El último curso de especialización de Juan Carlos Ancapán (30), matrón titulado de la Universidad Austral de Chile con más de 6 años de experiencia en hospitales y consultorios de todo el país viendo más vaginas diarias que cualquier chileno promedio, fue un magíster exprés de preparación de mayo casera en un carro completero de Bellavista, donde actualmente se desempeña con orgullo, asegura, después de un año de cesantía.

Nacido y criado en una familia evangélica metodista, durante los 80’ fue el ave más rara de la Isla Teja, Valdivia. Cuando se hacía espadas de palo era para jugar a She-Ra, la prima de He-Man y se metía a las pichangas para que sus compañeros de curso no lo huevearan. Sus papás se preguntaban entre sí quién tenía la culpa de que el niño jugara con muñecas. “¡Por Dios, si tiene pene y testículos!. Debemos darle más autos y pistolas, separarlo de las niñas. ¿Qué es lo que estamos haciendo mal?”, clamaba el pastor de la iglesia puertas adentro. Venciendo el dogma, incluso lo enviaron a un colegio católico a ver si el muchacho entraba en razón, pero finalmente se llegó a un acuerdo familiar, dice el profesional del parto y la freidora de papas: “Me dejaban hacer todo lo que yo quisiera si me comportaba como niño ante el resto de la familia y los hermanos de la iglesia”, recuerda Juan Carlos. Tenía permiso para hacerse pelucas, vestidos de trapo y jugar con las tazas de té.

Hoy, Juan Carlos está alejado del rito evangélico y es conocido por sus amigos y su pololo heterosexual como Claudia.

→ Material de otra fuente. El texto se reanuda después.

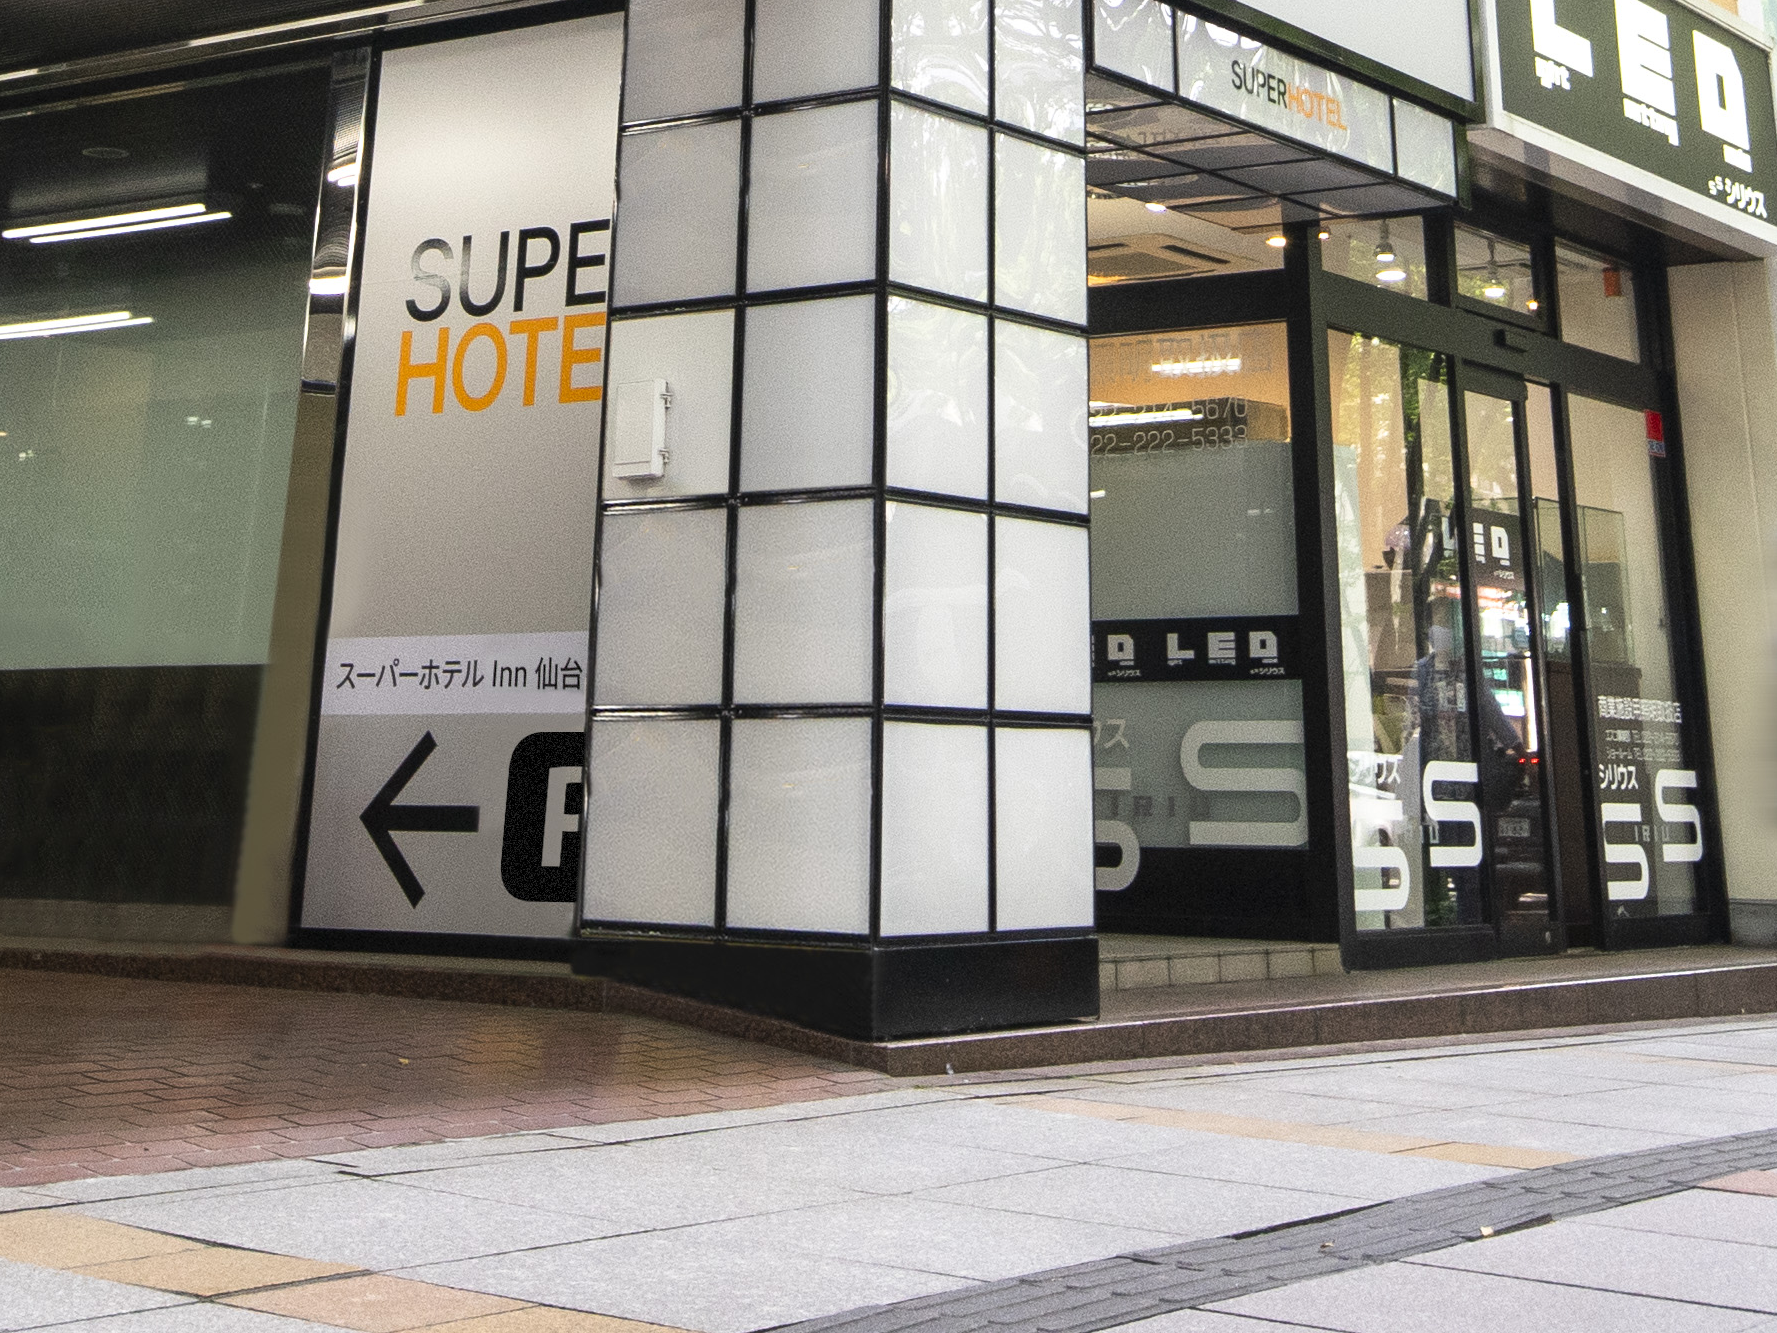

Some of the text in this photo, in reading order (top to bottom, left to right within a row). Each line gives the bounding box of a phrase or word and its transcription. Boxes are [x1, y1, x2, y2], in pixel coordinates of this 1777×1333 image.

Mapuche, canuta y sin una identidad sexual clara, seguía siendo Juan Carlos en el colegio de rezo diario, donde era considerada un bicho raro. Lo mismo en la universidad, donde se tituló el 2007 con un cartón que anota su nombre masculino. Ha atendido un centenar de partos desde la práctica en el hospital regional de Valdivia, respondió consultas en el hospital de Purranque, hizo consejería de salud sexual en el hospital de Puerto Montt y el hospital de Villarica, intentó integrar el parto natural vertical en el hospital de Purranque, recetó anticonceptivos en el hospital de Puerto Saavedra y el consultorio La Estrella de Pudahuel y también en Maipú.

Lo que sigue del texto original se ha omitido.